But corn syrup is cheaper than sugar, thanks largely to USDA farm subsidies, so the food industry ditched the sugar for the syrup. The USDA's own figures show that our consumption of high fructose corn syrup has risen 250 percent in the past fifteen years, with a corresponding decline in sugar consumption.

Our weight has shot up, too; cause and effect? Is excess consumption of high fructose corn syrup partly to blame for the obesity epidemic? High fructose corn syrup is also associated with a higher risk of diabetes, according to an analysis of agriculture records in the American Journal of Clinical Nutrition.
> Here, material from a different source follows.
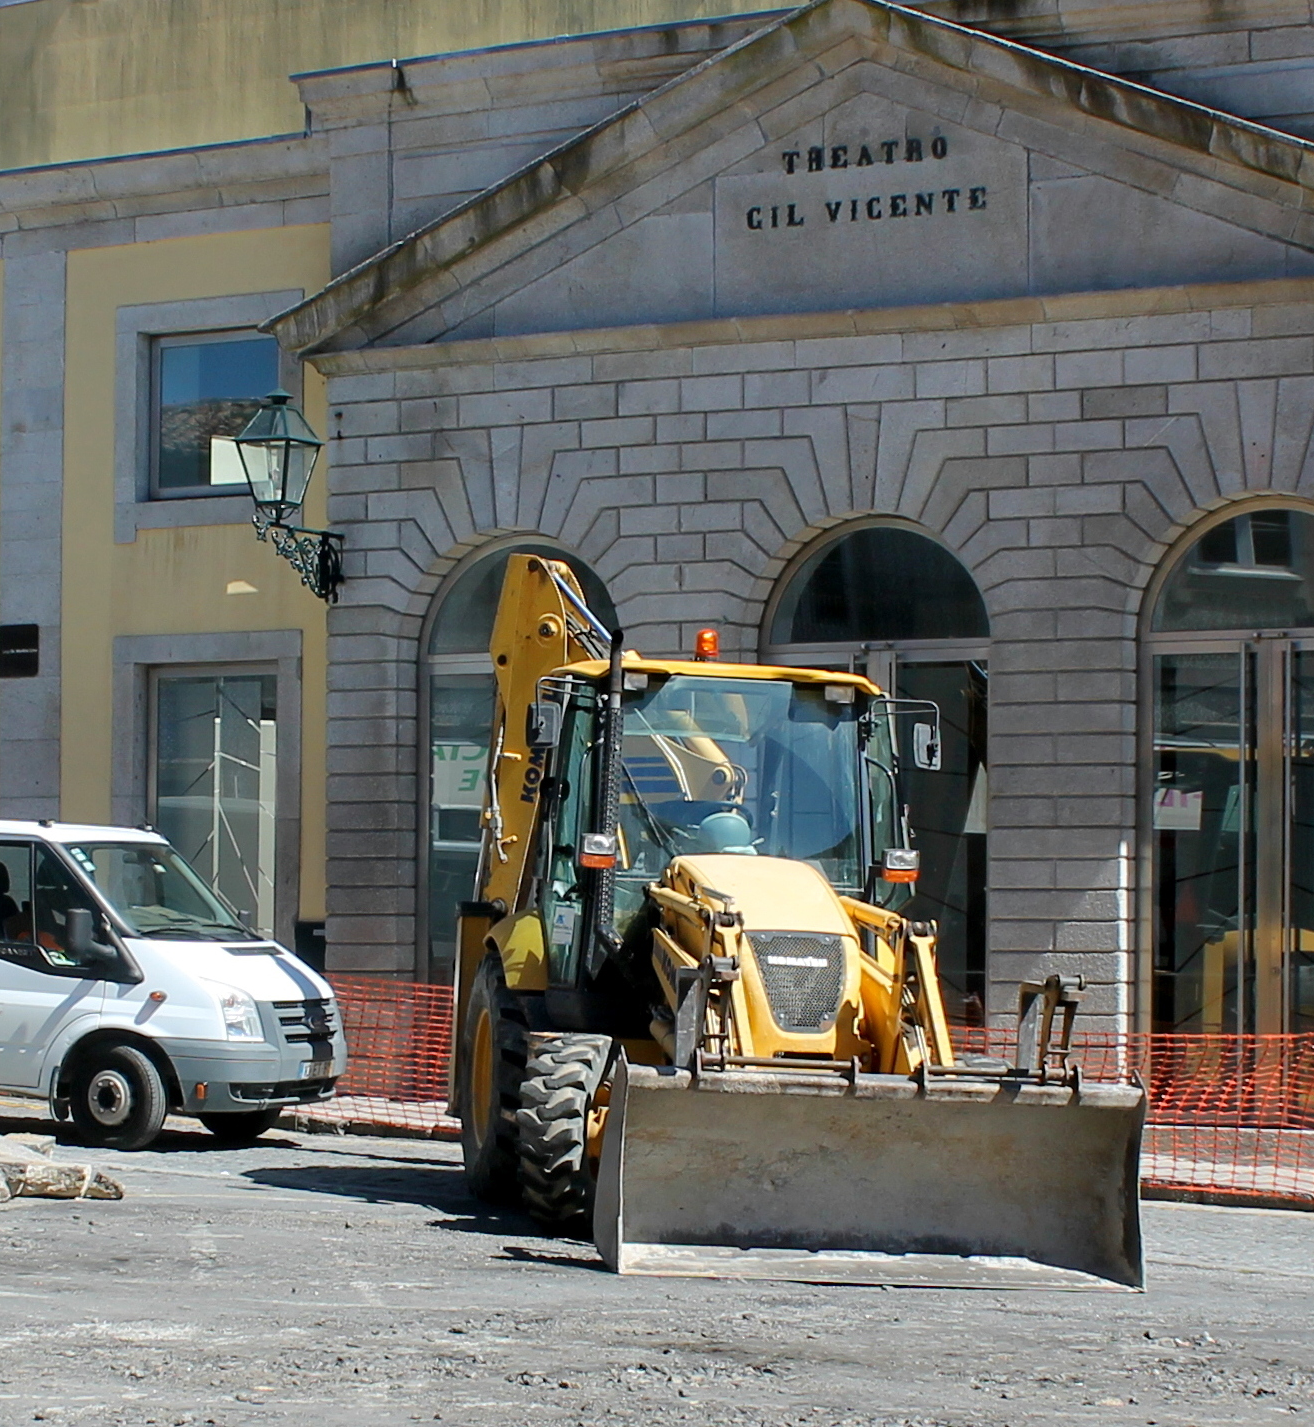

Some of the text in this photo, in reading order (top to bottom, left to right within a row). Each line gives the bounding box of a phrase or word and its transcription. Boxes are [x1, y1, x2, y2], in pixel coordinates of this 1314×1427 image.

But a new PepsiCo-funded study disputes the notion that our bodies process high fructose corn syrup any differently than table sugar. Some studies have suggested that sodas sweetened with high fructose corn syrup fail to signal our bodies when we're full, possibly even stimulating our appetite, and other studies indicate that our bodies process high fructose corn syrup in a way that leads to greater fat storage as well.

The corn syrup controversy has even managed to unite our deeply divided political parties in Florida, where Republican Representative Juan Zapata, who calls high fructose corn syrup "the crack of sweeteners," has joined forces with Democratic Senator Gwen Margolis in an effort to ban products containing high fructose corn syrup from the state's school districts.
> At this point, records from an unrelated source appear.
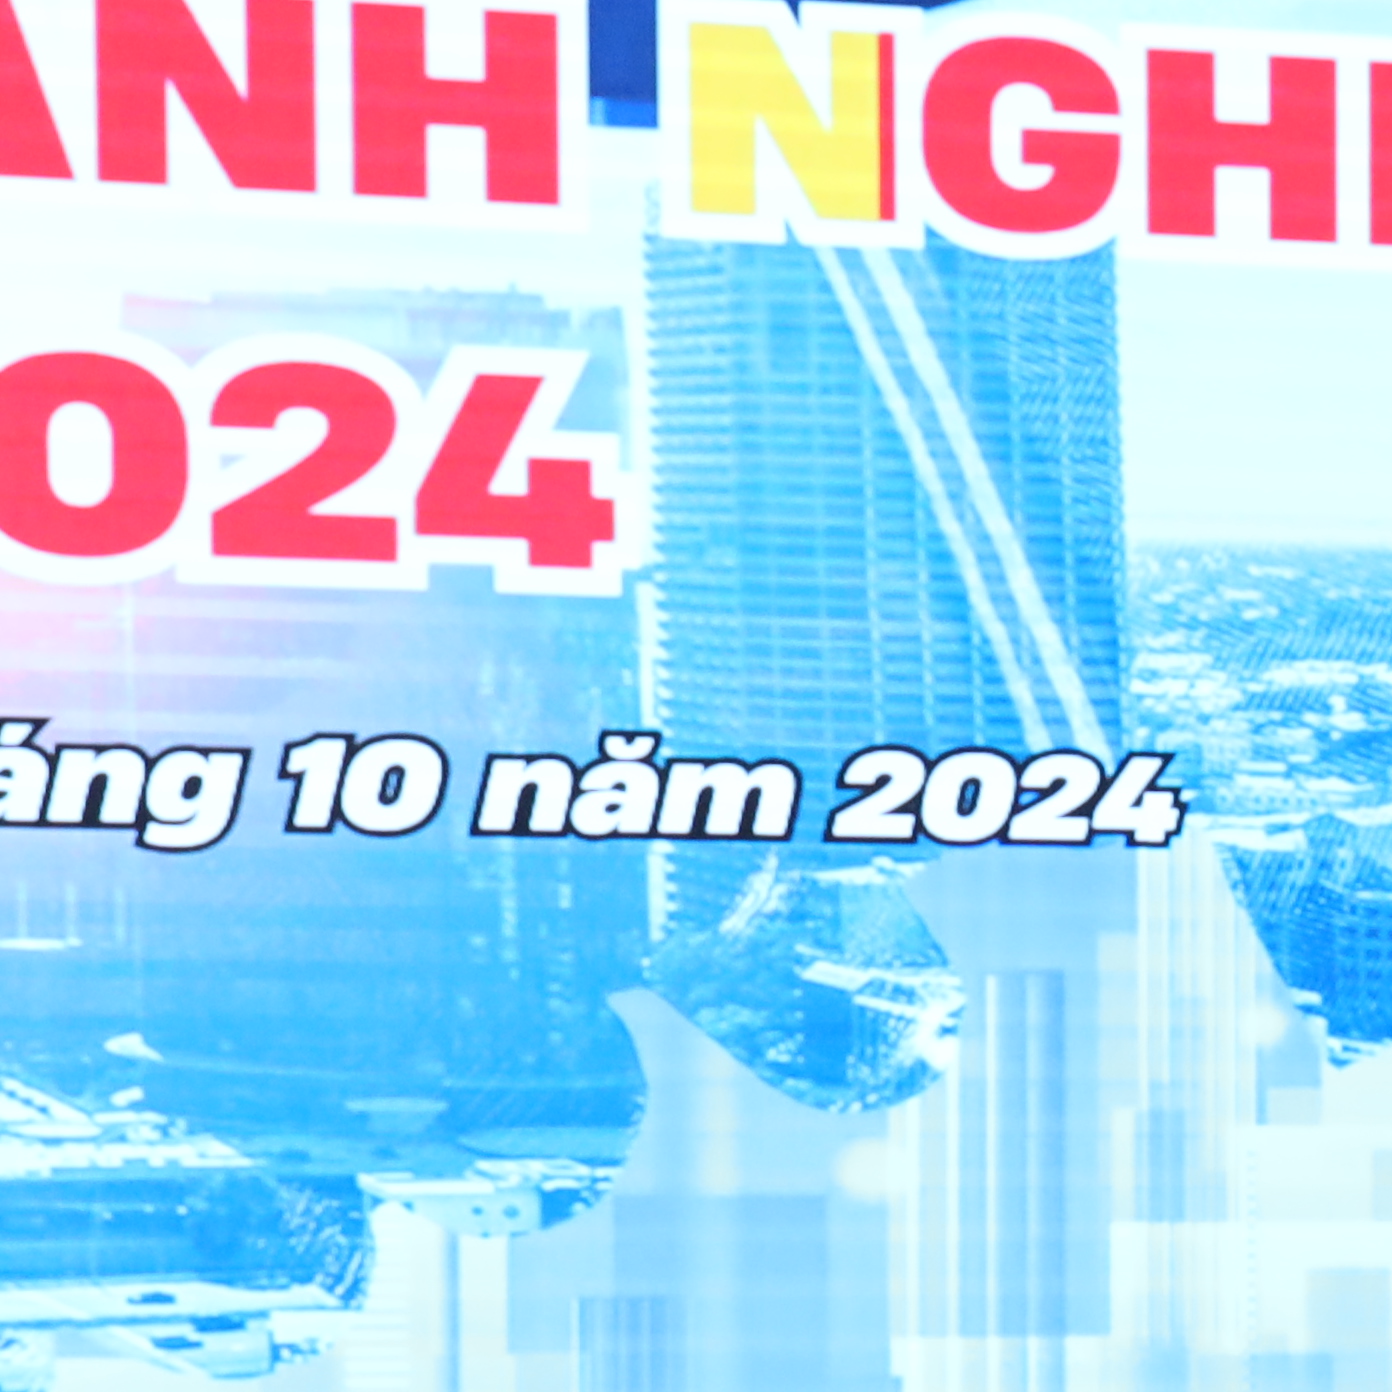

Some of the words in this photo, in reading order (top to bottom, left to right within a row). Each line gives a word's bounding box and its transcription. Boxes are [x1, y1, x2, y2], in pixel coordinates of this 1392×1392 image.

[279, 734, 448, 836] 10
[471, 731, 801, 840] năm
[825, 746, 1186, 846] 2024
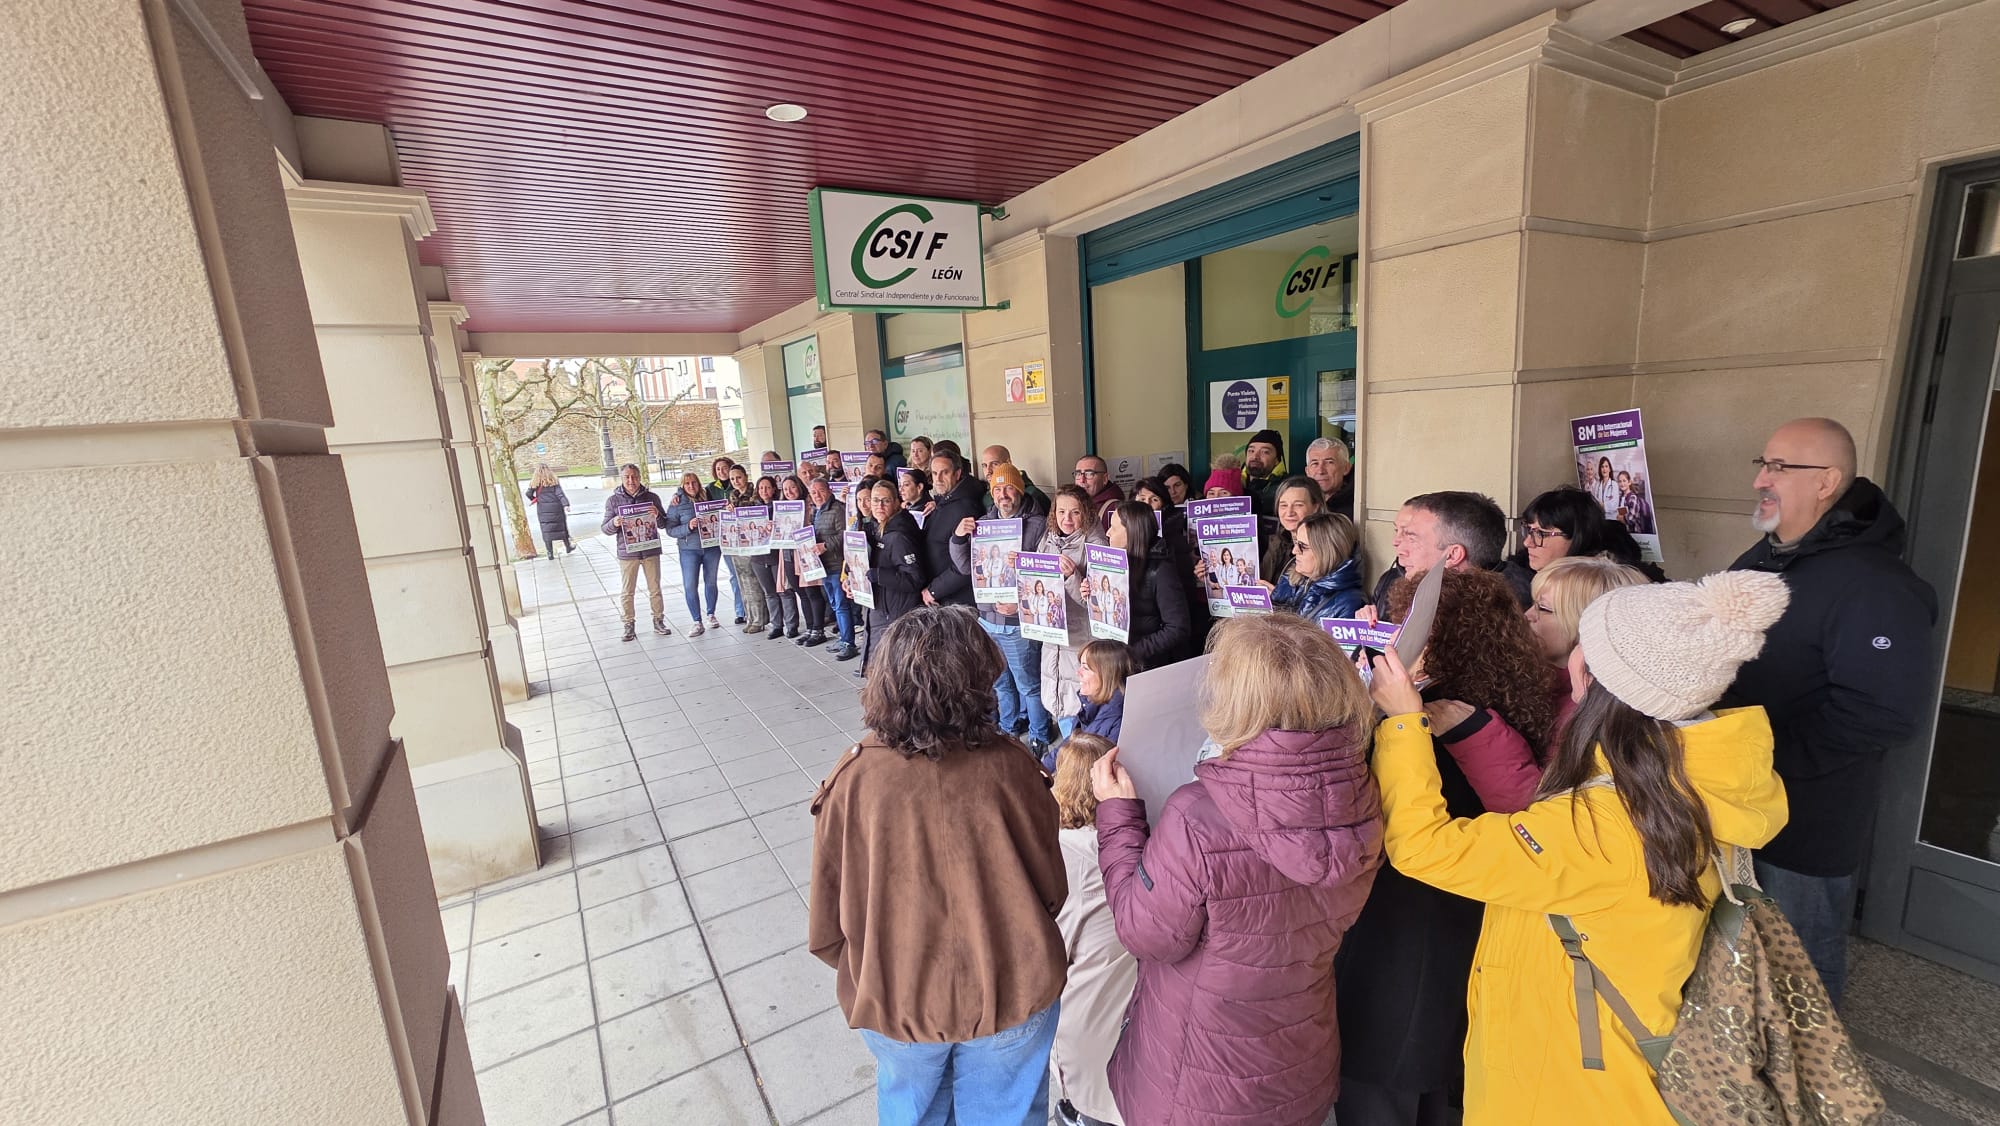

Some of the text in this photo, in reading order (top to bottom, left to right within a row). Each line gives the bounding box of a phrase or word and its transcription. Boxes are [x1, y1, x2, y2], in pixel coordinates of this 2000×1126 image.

[932, 266, 962, 280] LEÓN
[835, 290, 859, 298] Central
[860, 290, 884, 298] Sindical
[887, 291, 930, 300] Independiente
[945, 294, 980, 302] Funcionarios
[1578, 425, 1596, 440] 8M
[1604, 420, 1632, 430] Internacional
[1194, 504, 1212, 514] 8M
[977, 526, 990, 535] 8M
[1203, 524, 1219, 535] 8M
[1020, 557, 1034, 567] 8M
[1091, 550, 1102, 562] 8M
[1231, 592, 1245, 604] 8M
[1332, 626, 1357, 640] 8M
High fructose corn syrup gets added to nearly everything we eat these days. You'd expect to find sweeteners in cakes, cookies, and soda, but high fructose corn syrup also turns up in breads, crackers, hot dogs, pasta sauce, ketchup, frozen dinners, and even dog food.

In 1970, Americans consumed about half a pound of high fructose corn syrup per year. By 1997, we ate, on average, 62.5 pounds of high fructose corn syrup a year. That's more than a pound a week! And that was nearly ten years ago; if anything, we currently consume even more high fructose corn syrup.

High fructose corn syrup is clearly a boon to manufacturers because it's a cheap way to sweeten their products. It's an industrial ingredient. Nobody cooks with it at home, because you can't find it in the sweetener aisle at the supermarket, even if you wanted to. And who would want to?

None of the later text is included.